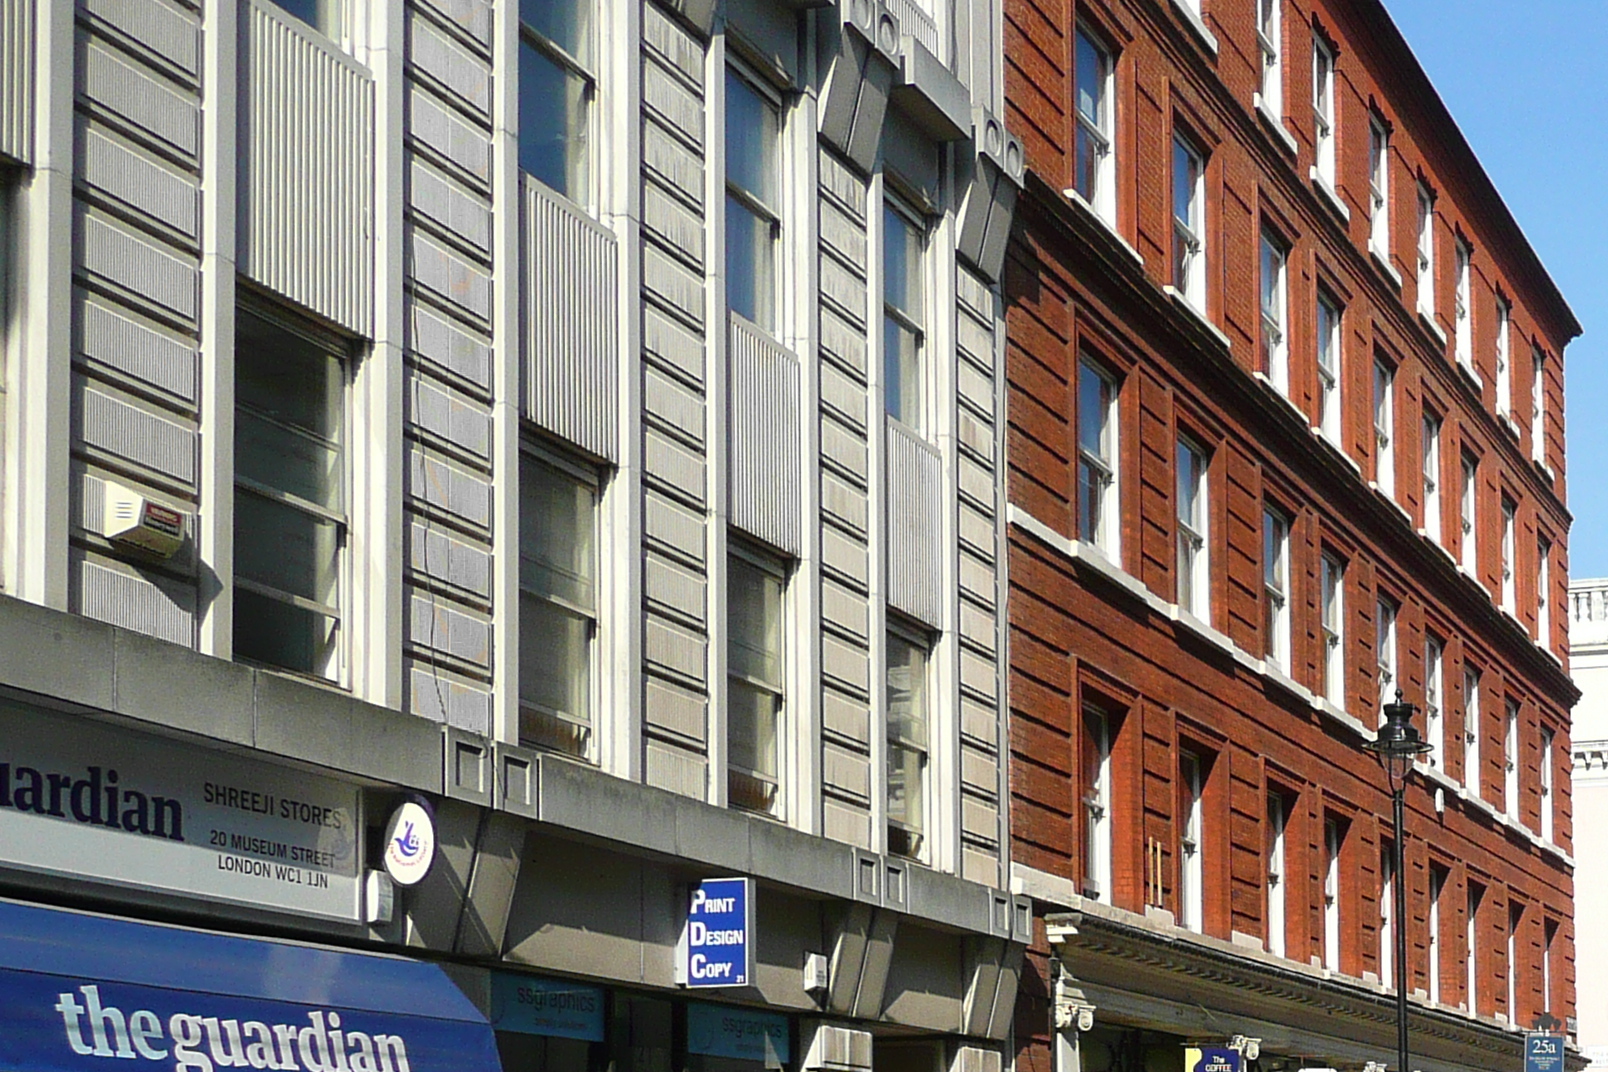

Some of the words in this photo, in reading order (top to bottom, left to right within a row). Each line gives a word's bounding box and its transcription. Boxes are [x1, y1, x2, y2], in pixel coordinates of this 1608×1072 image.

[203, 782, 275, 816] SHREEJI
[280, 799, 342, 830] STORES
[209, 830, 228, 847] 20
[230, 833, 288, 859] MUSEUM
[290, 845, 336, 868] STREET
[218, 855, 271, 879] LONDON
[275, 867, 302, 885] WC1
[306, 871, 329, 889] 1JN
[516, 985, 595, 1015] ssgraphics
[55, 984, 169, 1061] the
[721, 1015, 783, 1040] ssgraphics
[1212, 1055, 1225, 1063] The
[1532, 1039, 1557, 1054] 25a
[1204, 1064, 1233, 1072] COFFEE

------------------------------------

_Requirement_.
The expected output is every entry, retyped exactly, with all pictures removed.

_Written solution_.
Some of the words in this photo, in reading order (top to bottom, left to right within a row). Each line gives a word's bounding box and its transcription. Boxes are [x1, y1, x2, y2], in pixel coordinates of this 1608×1072 image.

[203, 782, 275, 816] SHREEJI
[280, 799, 342, 830] STORES
[209, 830, 228, 847] 20
[230, 833, 288, 859] MUSEUM
[290, 845, 336, 868] STREET
[218, 855, 271, 879] LONDON
[275, 867, 302, 885] WC1
[306, 871, 329, 889] 1JN
[516, 985, 595, 1015] ssgraphics
[55, 984, 169, 1061] the
[721, 1015, 783, 1040] ssgraphics
[1212, 1055, 1225, 1063] The
[1532, 1039, 1557, 1054] 25a
[1204, 1064, 1233, 1072] COFFEE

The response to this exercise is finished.